There can be no morally sufficient reason for an omnipotent being to use evil to achieve good ends. When a human does this, for example, when a surgeon cuts healthy tissue of the abdomen to remove an infected appendix, that is done because the surgeon cannot remove it otherwise, and so it is justified. The surgeon is limited, not omnipotent, and so when he or she does damage to healthy tissue as a means to the end or goal of removing the infected appendix, though the damage itself is bad, it is better than the alternative. But with an omnipotent being, it does not require means to ends; it can instantly achieve its ends without intermediate steps.
The excuses that are made for god to try to explain away the problem of evil always entail some limitation on god.

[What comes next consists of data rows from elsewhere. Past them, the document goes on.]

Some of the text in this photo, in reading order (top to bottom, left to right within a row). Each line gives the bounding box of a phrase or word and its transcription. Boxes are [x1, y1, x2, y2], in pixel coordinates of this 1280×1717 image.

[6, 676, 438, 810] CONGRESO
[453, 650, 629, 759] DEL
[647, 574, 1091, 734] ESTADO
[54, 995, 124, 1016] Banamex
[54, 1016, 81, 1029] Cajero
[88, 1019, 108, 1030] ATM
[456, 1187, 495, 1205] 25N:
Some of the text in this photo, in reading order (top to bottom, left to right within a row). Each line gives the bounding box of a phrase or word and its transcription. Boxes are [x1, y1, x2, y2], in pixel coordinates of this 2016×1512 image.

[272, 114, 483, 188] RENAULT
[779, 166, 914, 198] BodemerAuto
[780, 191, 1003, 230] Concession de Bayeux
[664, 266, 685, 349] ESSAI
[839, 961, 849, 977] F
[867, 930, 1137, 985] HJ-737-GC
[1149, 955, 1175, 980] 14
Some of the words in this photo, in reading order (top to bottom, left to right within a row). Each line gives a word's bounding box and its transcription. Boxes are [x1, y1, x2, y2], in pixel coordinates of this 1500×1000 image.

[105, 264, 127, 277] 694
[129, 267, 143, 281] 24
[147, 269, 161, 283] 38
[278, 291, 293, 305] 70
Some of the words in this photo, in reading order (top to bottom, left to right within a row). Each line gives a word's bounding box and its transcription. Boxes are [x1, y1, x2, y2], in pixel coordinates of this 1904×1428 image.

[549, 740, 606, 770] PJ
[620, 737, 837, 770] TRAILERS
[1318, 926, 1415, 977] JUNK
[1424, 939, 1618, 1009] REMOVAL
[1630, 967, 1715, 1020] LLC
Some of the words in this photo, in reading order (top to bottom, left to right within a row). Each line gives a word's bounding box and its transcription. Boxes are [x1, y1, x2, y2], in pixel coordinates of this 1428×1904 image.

As this has been addressed in another thread, I will just add in a couple of quotes rather than retype it all:
(June 20, 2015 at 1:23 pm)IATIA Wrote: In the infinite span of time and the vastness of the cosmos, why are we even here? If god knows everything, why did not god just send everyone to heaven or hell from the get go? What is to be gained by this infinitesimally short and insignificant life we have? The birth and the death of uncountable universes would be but a blink of the eye from a god's perspective.
(June 20, 2015 at 1:29 pm)Pyrrho Wrote: Take your pick:
1) Because god is an idiot and cannot tell who is worthy of heaven and who isn't without testing people on earth.
2) Or god is incompetent and cannot properly make people without the earth.
3) Or god is evil and enjoys torturing people.
4) God does not exist.
For those who need it, with 1, god is not omniscient. With 2, god is not omnipotent. With 3, god is not perfectly benevolent.
"A wise man ... proportions his belief to the evidence."
— David Hume, An Enquiry Concerning Human Understanding, Section X, Part I.